My own honesty has booted me from a variety of communities, so I am fully aware of the consequences of telling the truth. How far do you go? In some places, you can get yourself killed for asking a question. Giordano Bruno was burned at the stake for questioning the Pope. (He pointed out that the sun did NOT revolve around the earth). And while the world has come to agree that burning anyone at the stake is an unacceptable response to differing opinion, I agree it’s uncomfortable to question the Powers-That-Be.
Looking for Answers When We Should Be Looking for Questions
Even in that claustrophobic conference room, if only one question was asked that pointed to corporate hypocrisy – that question would have been the only thing that anyone would have remembered about the meeting. It would have been the talk at the water coolers for weeks.
My friend continued. “Of course it makes no difference if anyone really said what they were thinking. The company would just keep on doing what they were doing and it wouldn’t have made a difference anyway”.

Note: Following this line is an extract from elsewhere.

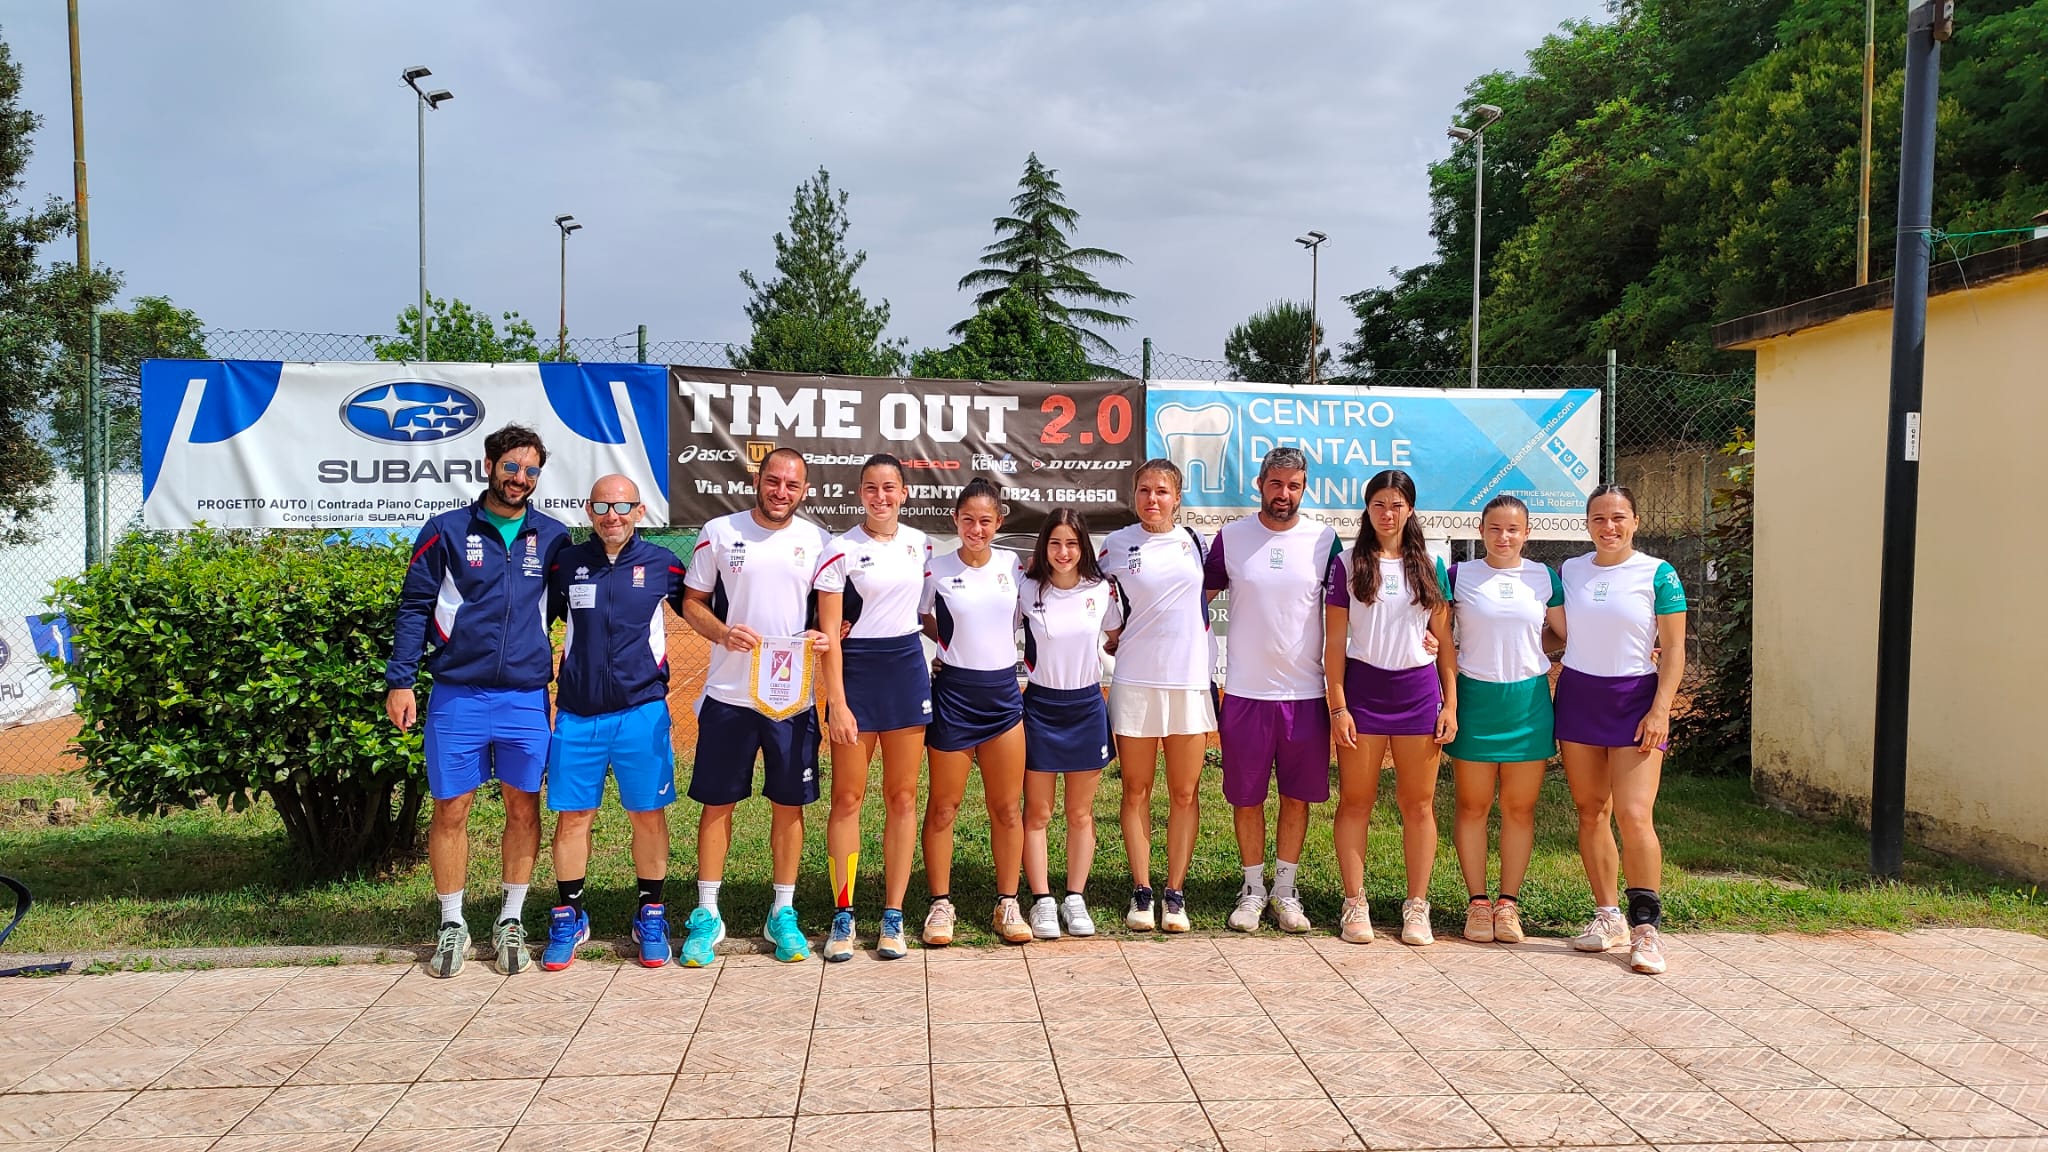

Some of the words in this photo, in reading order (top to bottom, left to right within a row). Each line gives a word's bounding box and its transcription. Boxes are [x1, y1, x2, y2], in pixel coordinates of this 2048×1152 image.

Not the kind of difference you see right away, that’s true. But simply by asking “the” question you have created a disturbance in their apparent control of the situation. (How about asking if the emperor is naked!). For a minute, the spell is broken for everyone in the room. Perhaps not as satisfying as rioting in the cafeteria or dramatically handing in your resignation, but don’t underestimate the impact. You’ve just opened a door for someone else, maybe for some other meeting, at some other time. And with one painstakingly small question at a time, whether you’re an HR Manager or a cab driver, these deceptively insignificant moments will add up, making it more difficult for the hypnosis to continue en masse. And considering how little they care about our “status quo”, ending the trance would be an improvement!
The Real Meaning of 2012
So the experience of my well- placed corporate buddy led me to understand what I believe is the real meaning of 2012: We’ve been looking for answers when we should be looking for questions. The biggest disasters are assured if we remain asleep, accepting what we’re being told as though it were the way it “must be” and the way it always is. Answers are overrated and constantly changing anyway; it’s the question that has always driven our progress.
The asking connects the best part of all of us invisibly; it’s a way of sticking together. As every day brings us closer to Dec 21, 2012, your voice in the conference room could be the start of something really good for the rest of us. 2012 isn’t the end of anything, except our deepest need to be deceived.